Com uma história de vida marcada pela superação, defendendo uma proposta de desenvolvimento econômico para o semiárido,  Antônio Souza tem conquistado cada vez mais apoio à sua pré-candidatura pela REDE ao Senado e vem se consolidando como um dos nomes fortes na disputa por uma das duas vagas a ser preenchida nas eleições deste ano.

Antônio tem raízes fincadas no sertão de Pernambuco,  ao pé da Chapada do Araripe, onde viveu por muito tempo na cidade de Araripina. Filho de família pobre teve uma infância difícil. Problemas de saúde e a escassez de recursos poderiam tê-lo levado ao mesmo destino de tantos outros meninos do sertão, mas Antônio decidiu acreditar no impossível. Venceu as adversidades e encontrou nos obstáculos a força para alcançar seus objetivos.

Ainda jovem iniciou seu caminho como empreendedor e se destacou na área da tecnologia. Hoje suas empresas atuam no ramo de “desenvolvimento de aplicativos de controle e verificação de documentos, certificação de origem e procedência, autoatendimento público e de segurança social, além de projetar, implantar e dar manutenção no monitoramento de segurança dos principais órgãos públicos brasileiros, a exemplo do INSS, Correios, escolas municipais e estaduais.” Focado na busca por soluções que atendam às necessidades da sociedade, Antônio Souza não é apenas um empreendedor,  mas sim, um empreendedor social.
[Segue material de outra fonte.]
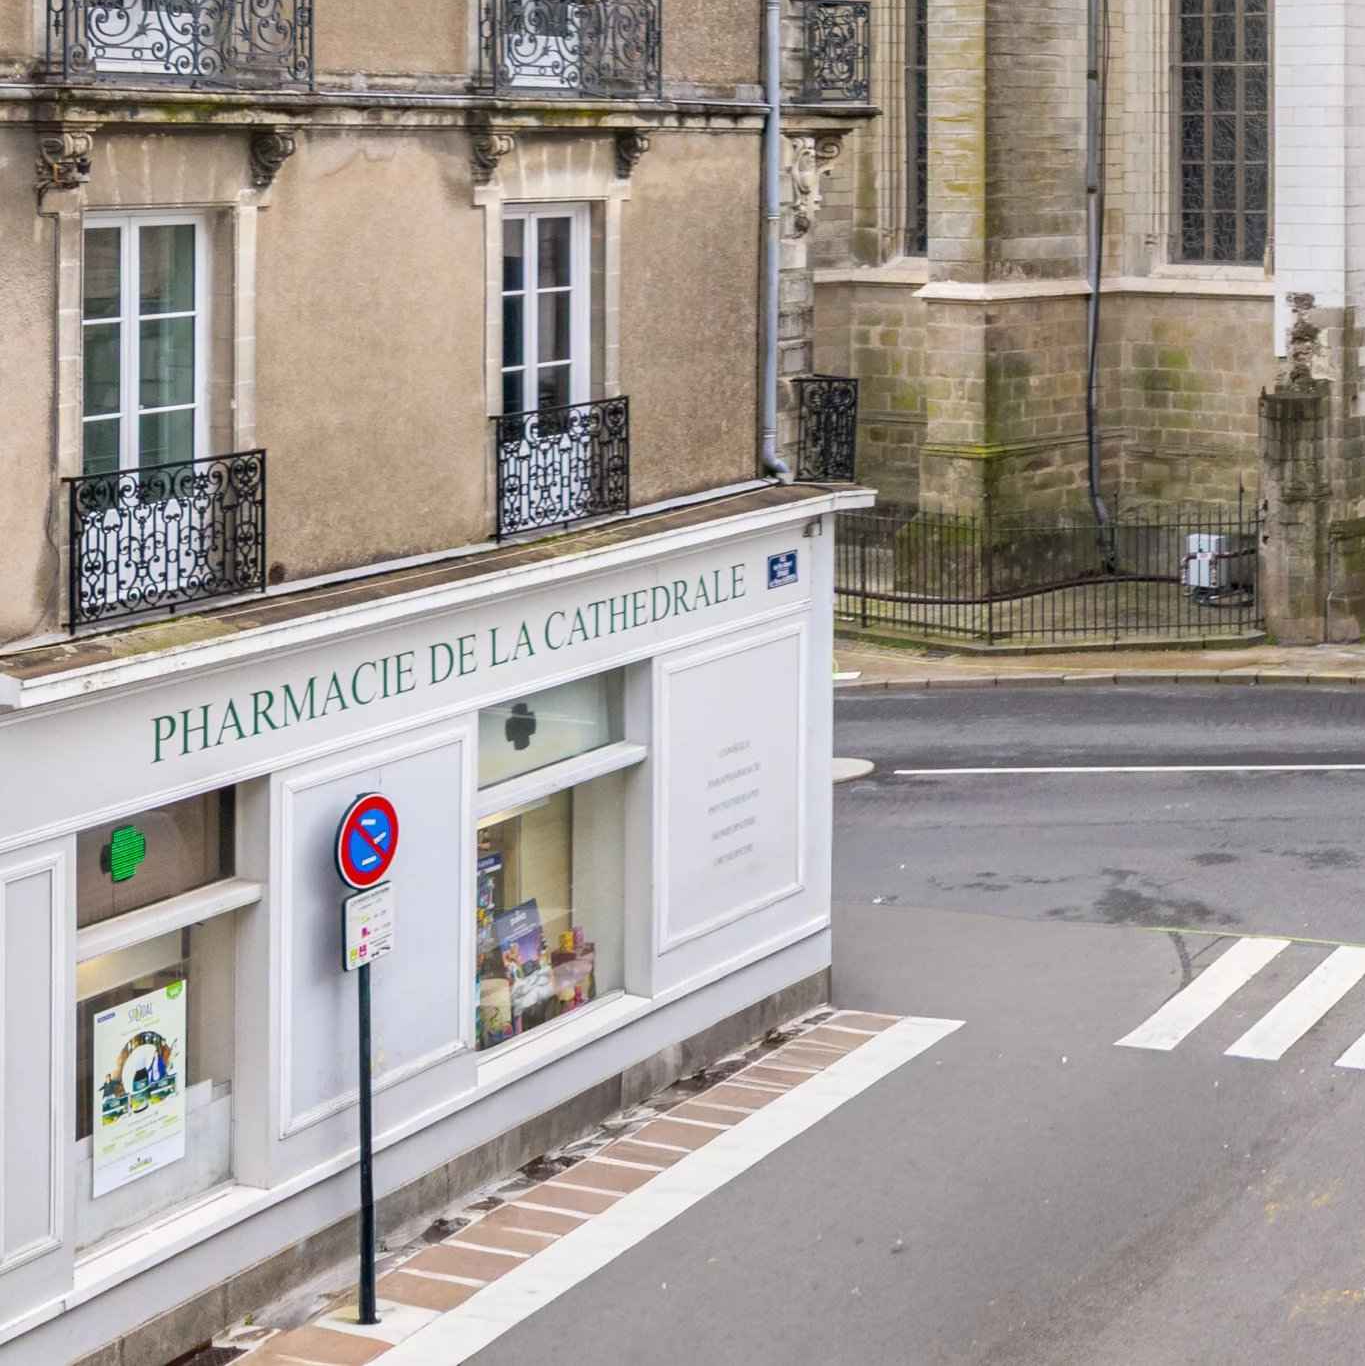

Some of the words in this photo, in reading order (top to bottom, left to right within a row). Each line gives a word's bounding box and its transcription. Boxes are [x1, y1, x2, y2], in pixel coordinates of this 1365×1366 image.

[151, 650, 417, 763] PHARMACIE
[430, 633, 477, 685] DE
[489, 620, 535, 668] LA
[544, 562, 747, 650] CATHEDRALE
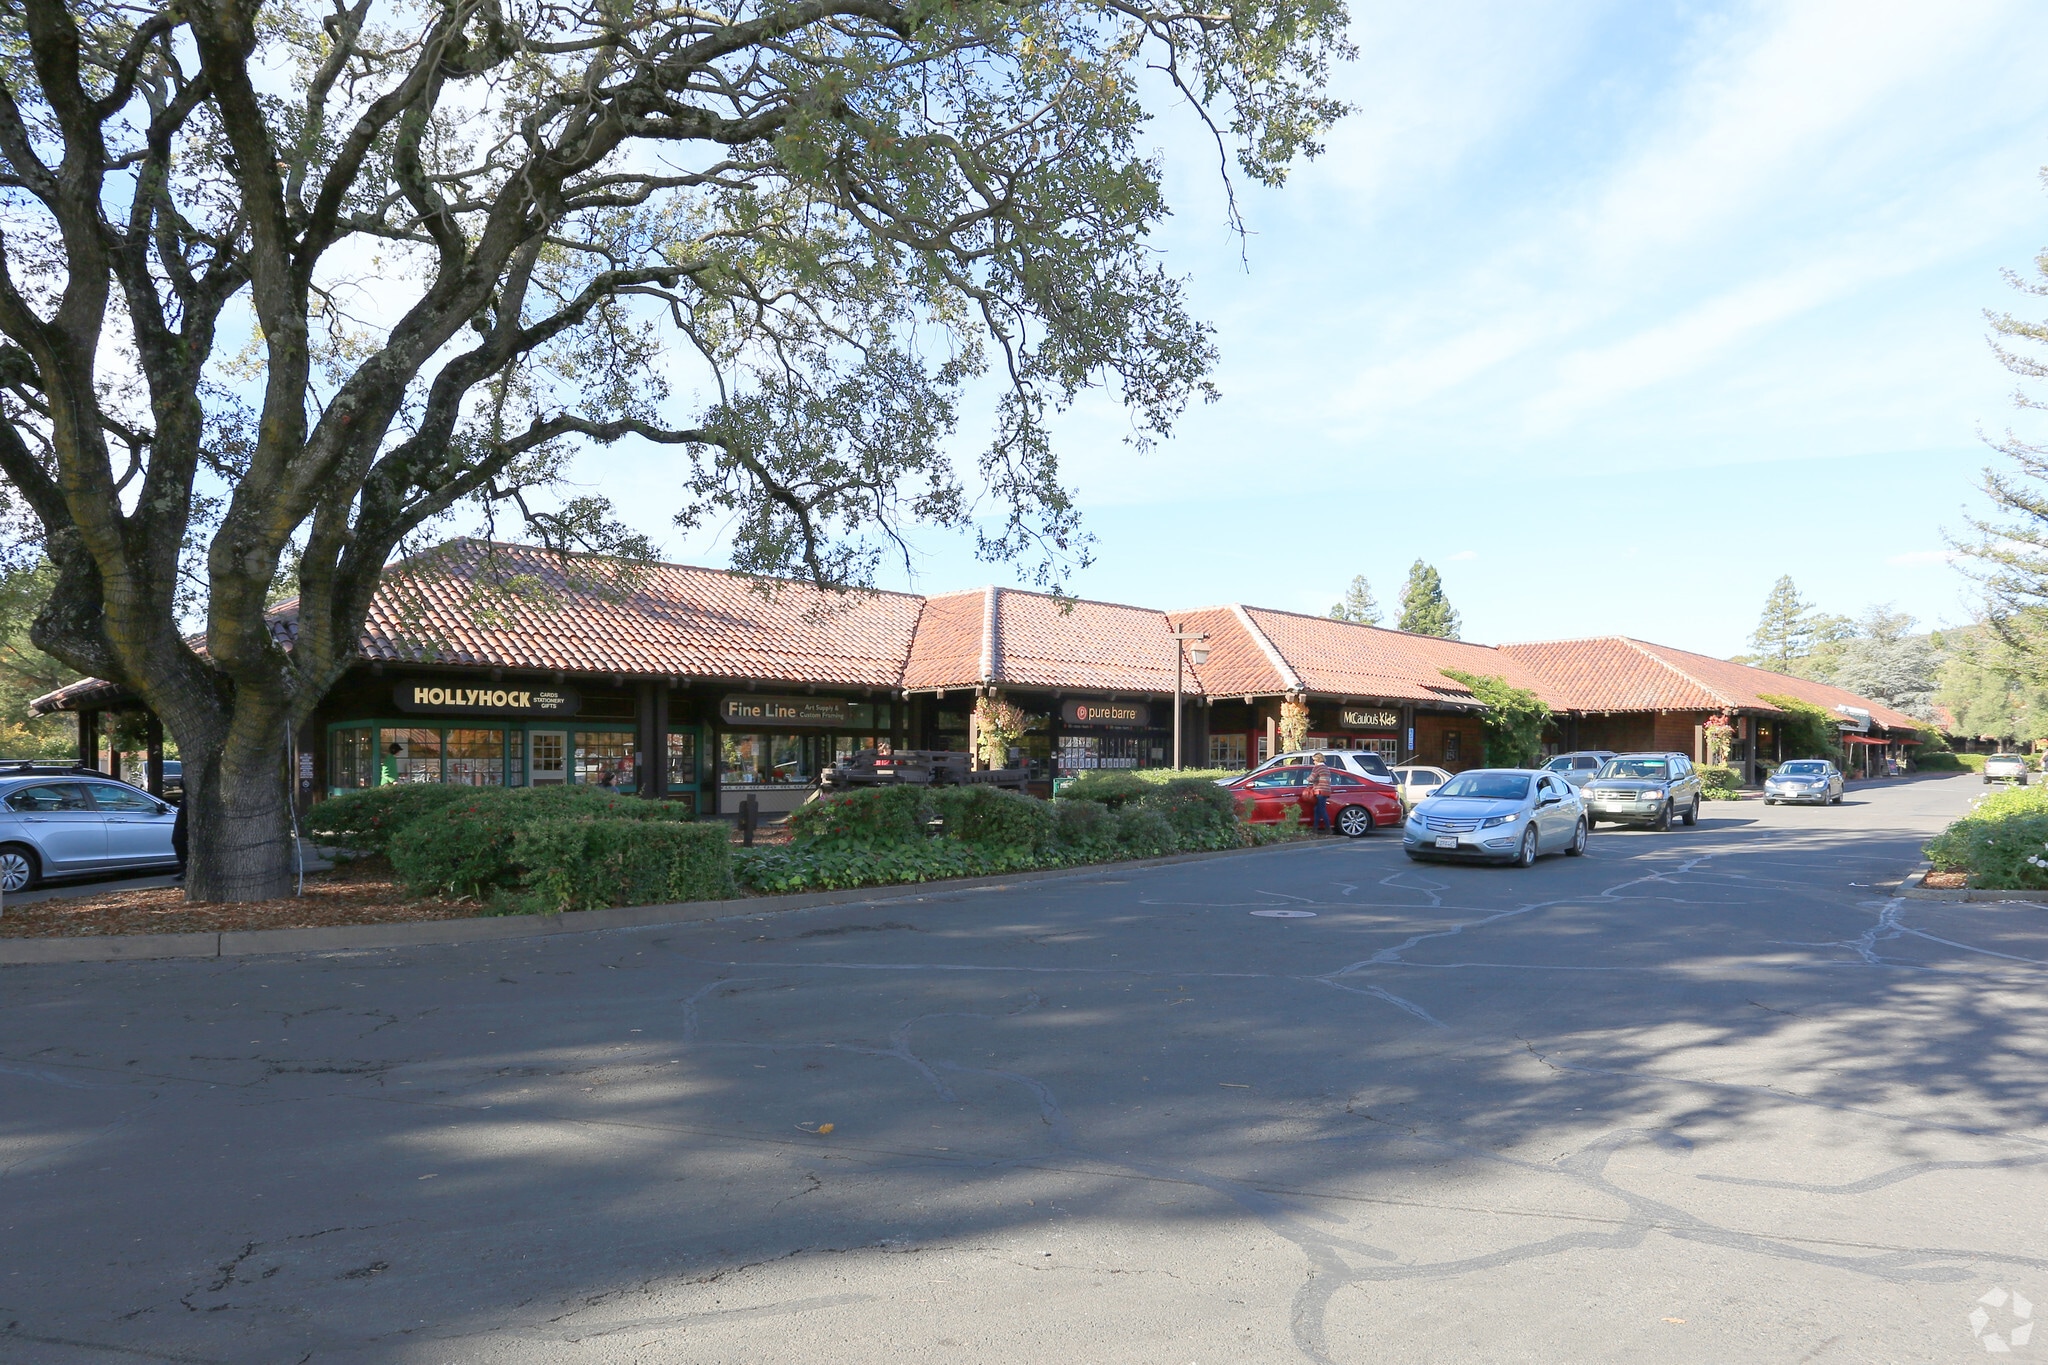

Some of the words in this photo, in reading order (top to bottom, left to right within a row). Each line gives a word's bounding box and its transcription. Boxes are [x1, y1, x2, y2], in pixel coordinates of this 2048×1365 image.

[414, 687, 531, 708] HOLLYHOCK
[728, 701, 761, 717] Fine
[765, 703, 796, 718] Line
[816, 704, 834, 712] Supply
[1088, 707, 1111, 721] pure
[1111, 706, 1136, 719] barre
[822, 712, 844, 720] Framing
[1379, 711, 1397, 727] Kids
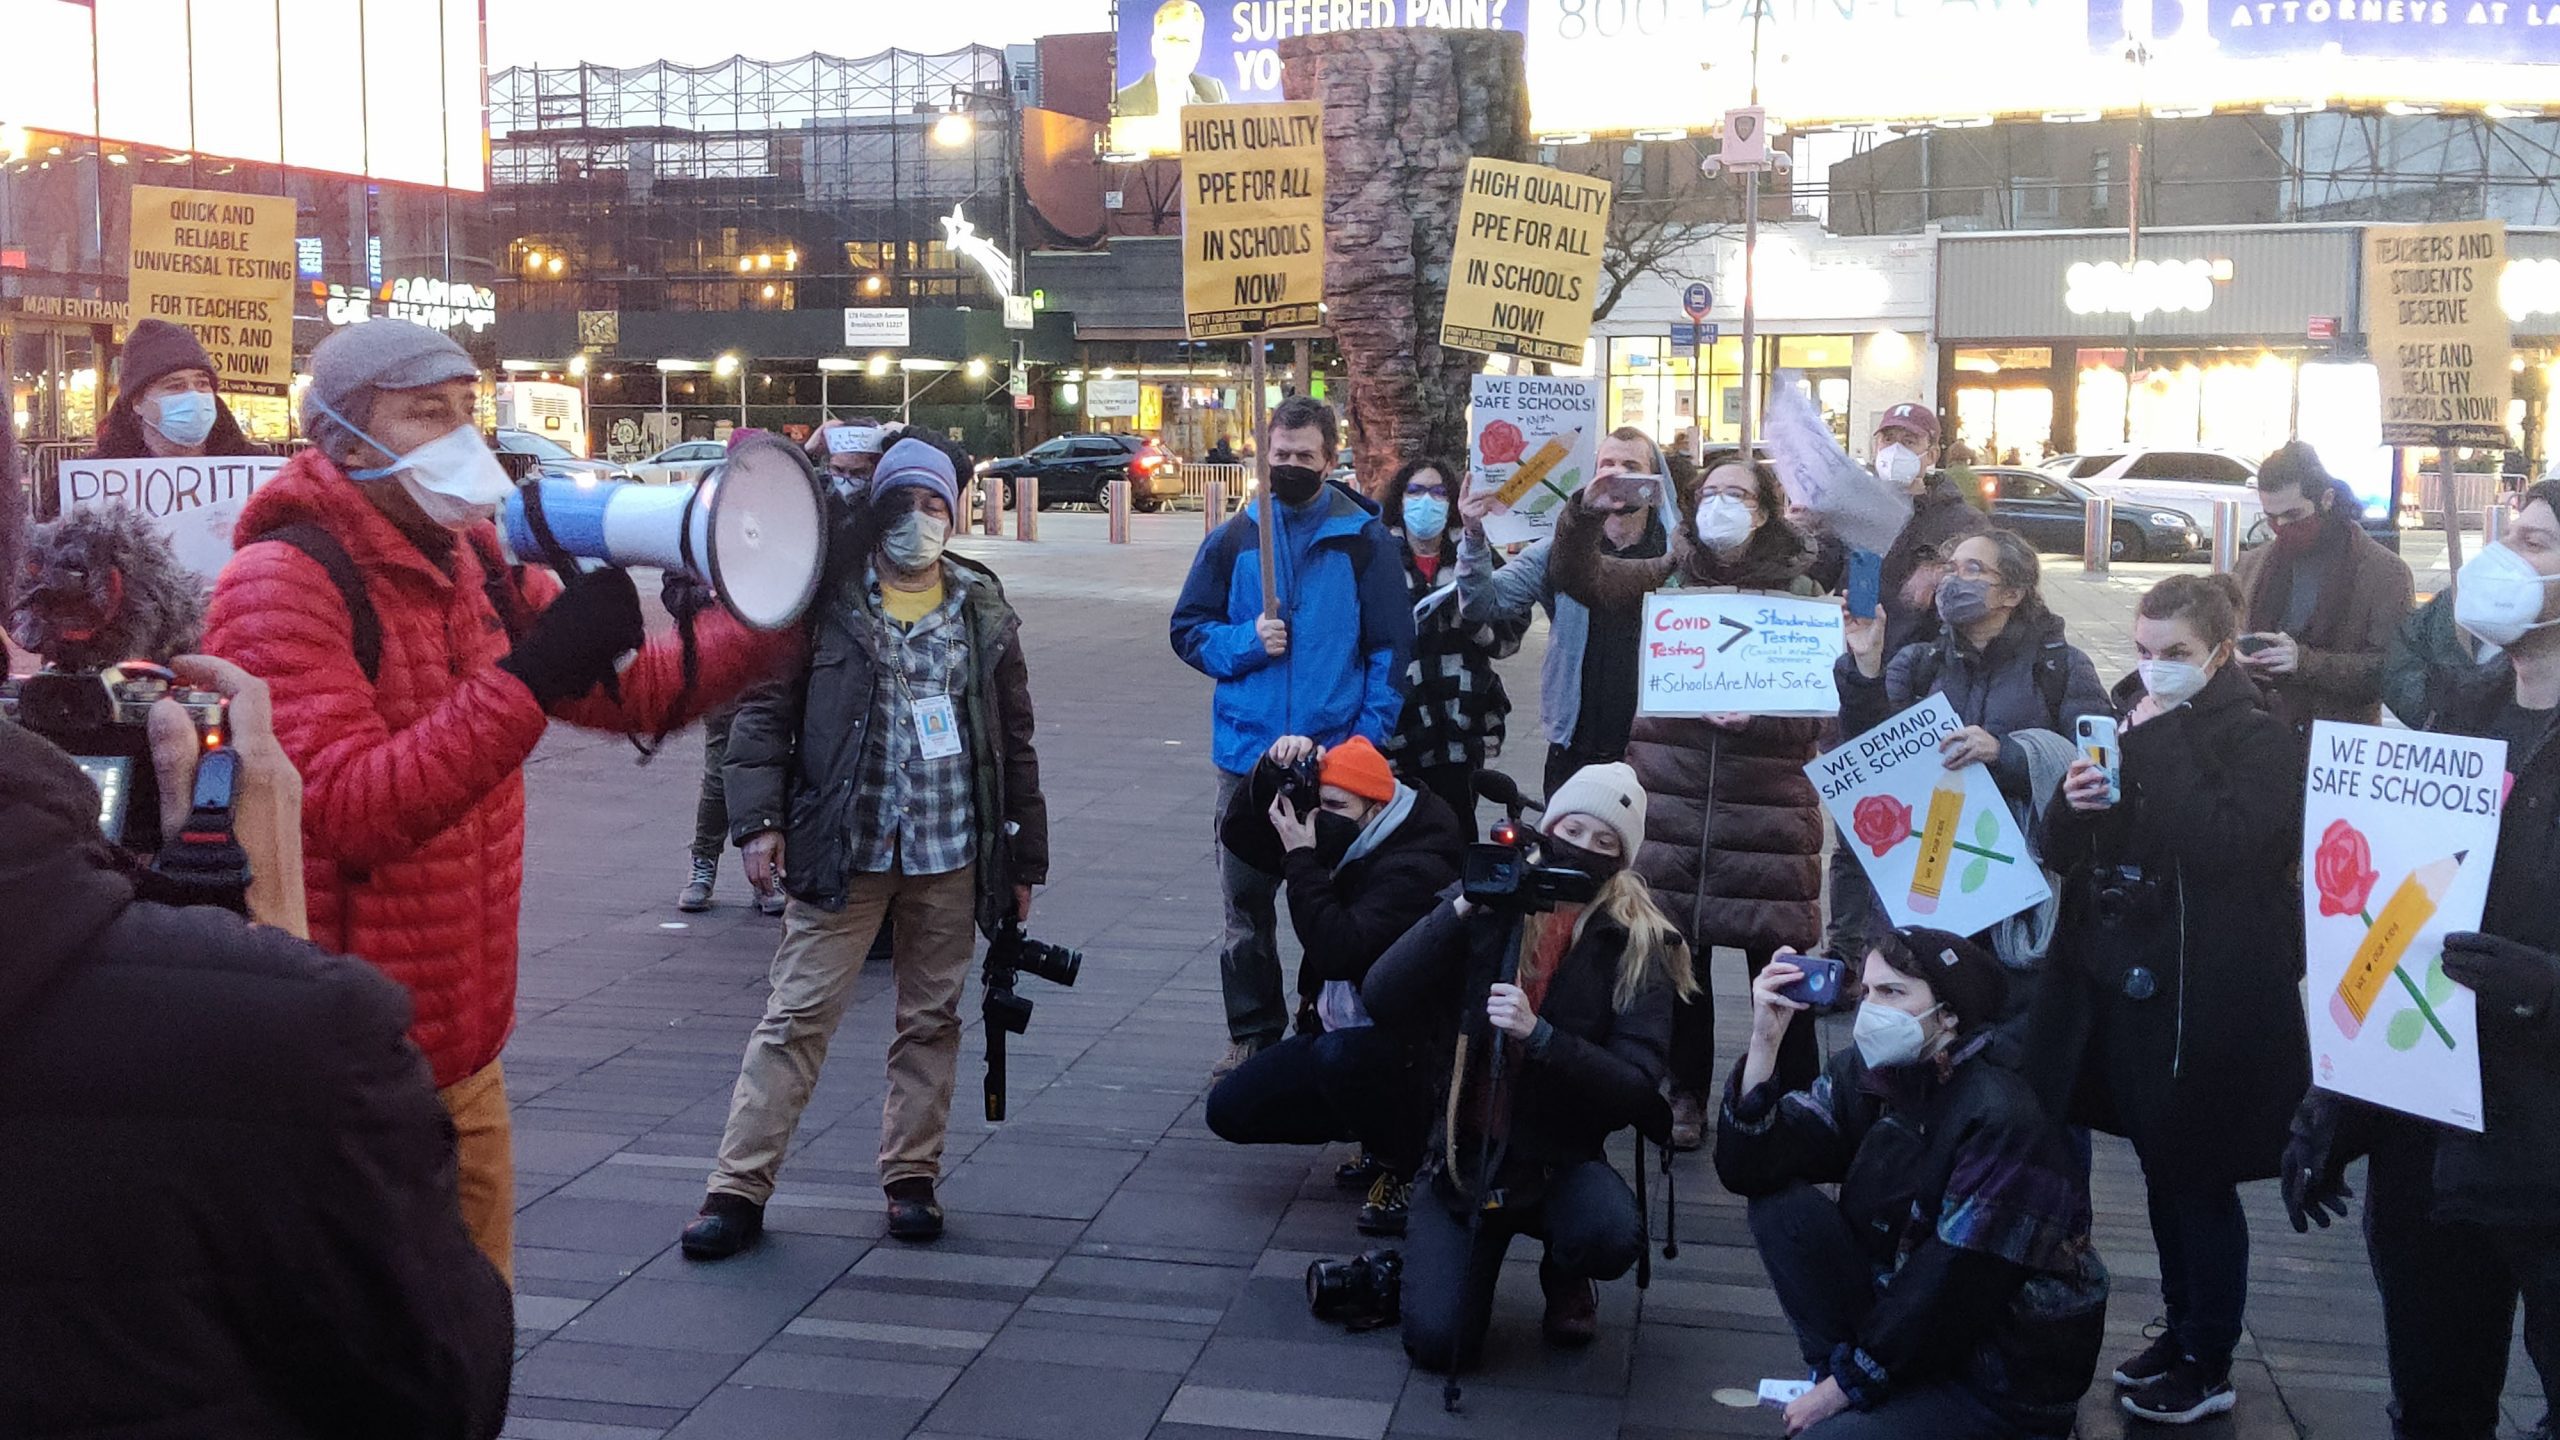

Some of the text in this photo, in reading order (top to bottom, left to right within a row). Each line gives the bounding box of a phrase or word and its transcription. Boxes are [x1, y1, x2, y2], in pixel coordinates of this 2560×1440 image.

[1232, 0, 1508, 43] SUFFERED PAIN?
[2230, 0, 2560, 27] ATTORNEYS AT LA
[1233, 48, 1286, 91] YO
[1185, 115, 1320, 151] HIGH QUALITY
[1198, 167, 1312, 204] PPE FOR ALL
[1470, 168, 1606, 215] HIGH QUALITY
[170, 201, 254, 225] QUICK AND
[175, 228, 249, 251] RELIABLE
[1203, 223, 1312, 261] IN SCHOOLS
[1472, 212, 1590, 256] PPE FOR ALL
[2458, 233, 2494, 260] AND
[134, 250, 292, 280] UNIVERSAL TESTING
[1467, 258, 1582, 301] IN SCHOOLS
[1234, 272, 1287, 305] NOW!
[23, 295, 129, 319] MAIN ENTRANC
[151, 294, 272, 323] FOR TEACHERS,
[1492, 302, 1544, 335] NOW!
[239, 328, 272, 349] AND
[2440, 343, 2473, 368] AND
[227, 353, 269, 375] NOW!
[1474, 395, 1595, 412] SAFE SCHOOLS!
[1485, 380, 1585, 396] WE DEMAND
[2456, 396, 2498, 422] NOW!
[70, 464, 281, 517] PRIORITI
[1650, 630, 1820, 669] Testing Testing
[1821, 718, 1959, 800] SAFE SCHOOLS!
[1822, 708, 1937, 777] WE DEMAND
[2331, 735, 2483, 779] WE DEMAND
[2312, 767, 2497, 817] SAFE SCHOOLS!
[2373, 943, 2384, 963] OUR
[2384, 921, 2399, 943] KIDS
Em sua caminhada pela pré-candidatura ao senado tem defendido a criação da Zona Franca do Semiárido Nordestino.  Um projeto que não é novo, pois há alguns anos já tramita no congresso caminhando a passos lentos. Antônio tem assumido o papel de embaixador dessa causa tão importante e necessária para o desenvolvimento da região com a geração  de emprego e renda através de benefícios fiscais para a implantação de polos industriais na área demarcada pelo projeto.

Sob esta bandeira tem recebido o apoio de partidos, lideranças dos meios político e empresarial, personalidades e artistas que têm enxergado nele um homem comprometido com o social.